A Europa confirma a ascensão da xenofobia ofensiva com Santiago Abascal (Vox, Espanha), Matteo Salvini (Liga Norte, Itália), Viktor Orbán (Fidesz, Hungria), Alexander Gauland e Alice Weidel (AfD, Alemanha), Marine Le Pen (Agrupamento Nacional, França) e Jussi Halla-aho (Partido dos Finlandeses, Finlândia). O resultado asqueroso da blindagem europeia aos refugiados dos horrores de seus países é seu extermínio por afogamento em massa no Mar Mediterrâneo.

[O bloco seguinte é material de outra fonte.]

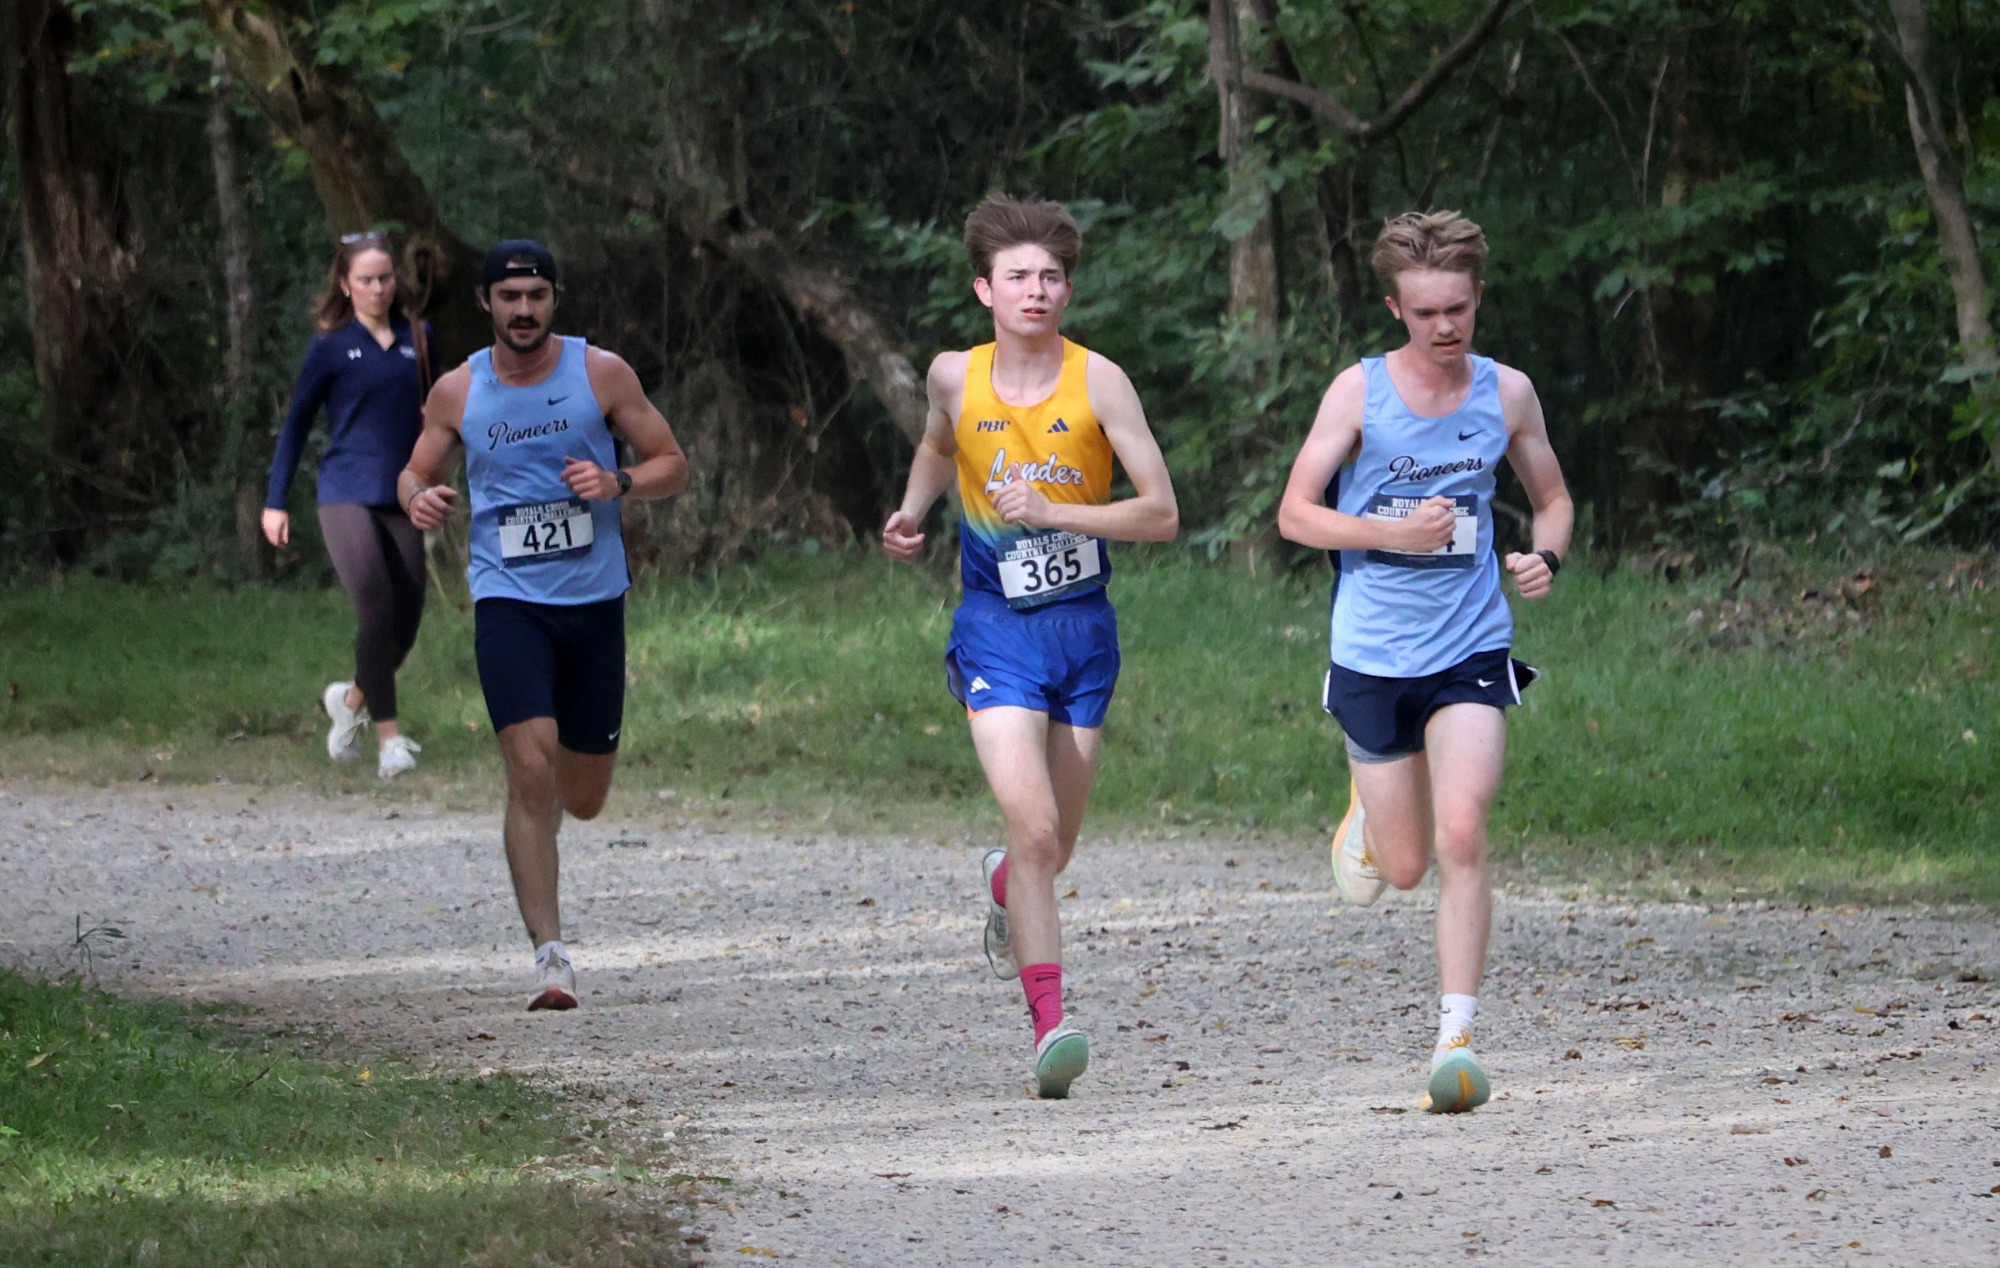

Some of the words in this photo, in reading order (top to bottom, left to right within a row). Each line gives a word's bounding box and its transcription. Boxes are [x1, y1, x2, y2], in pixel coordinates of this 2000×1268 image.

Na África do Sul, Zâmbia e Nigéria, principalmente, ressurge um tipo peculiar de apartheid – ou afrofobia – que instiga a população trabalhadora, pobre e negra do país contra os imigrantes trabalhadores, pobres e negros oriundos, principalmente, de Zimbábue, Lesoto e Moçambique (3). Nas Américas de Trump e Bolsonaro, recrudescem as medidas contra refugiados, recebidos com os requintes de uma maldade cada vez mais explícita por governantes e por “cidadãos de bem”.

Diante do atual estado destroçado da política da (des)ordem burguesa, reafirmo que a única saída da barbárie é reinventar a política como luta de classes, uma luta que deve recriar-se bem longe da tutela do Estado, à margem da institucionalidade, radicalmente crítica da propriedade privada e de qualquer perspectiva desenvolvimentista. Uma luta contra a ordem e que aponte para além do capital. Isso, porém, não poderá ser realizado pelos que ficam no mesmo lugar, olhando para o próprio umbigo, impedidos de caminhar para frente pelo peso do passado que carregam nas costas.

Notas:

1) Florestan Fernandes, “Notas sobre o fascismo” em Poder e contrapoder na América Latina. RJ, Zahar Editores, 1981. (p. 32)

2) Nas cidades, as queimadas têm prestado bons serviços à especulação imobiliária. Veja-se, por exemplo, a quantidade de incêndios criminosos em favelas da cidade de São Paulo.

3) Ver o artigo “Racismo negro antinegro na África”, publicado em 10/09/2019 por Passapalavra. https://passapalavra.info/2019/09/128220/ 

Gabriel Brito é jornalista e editor do Correio da Cidadania.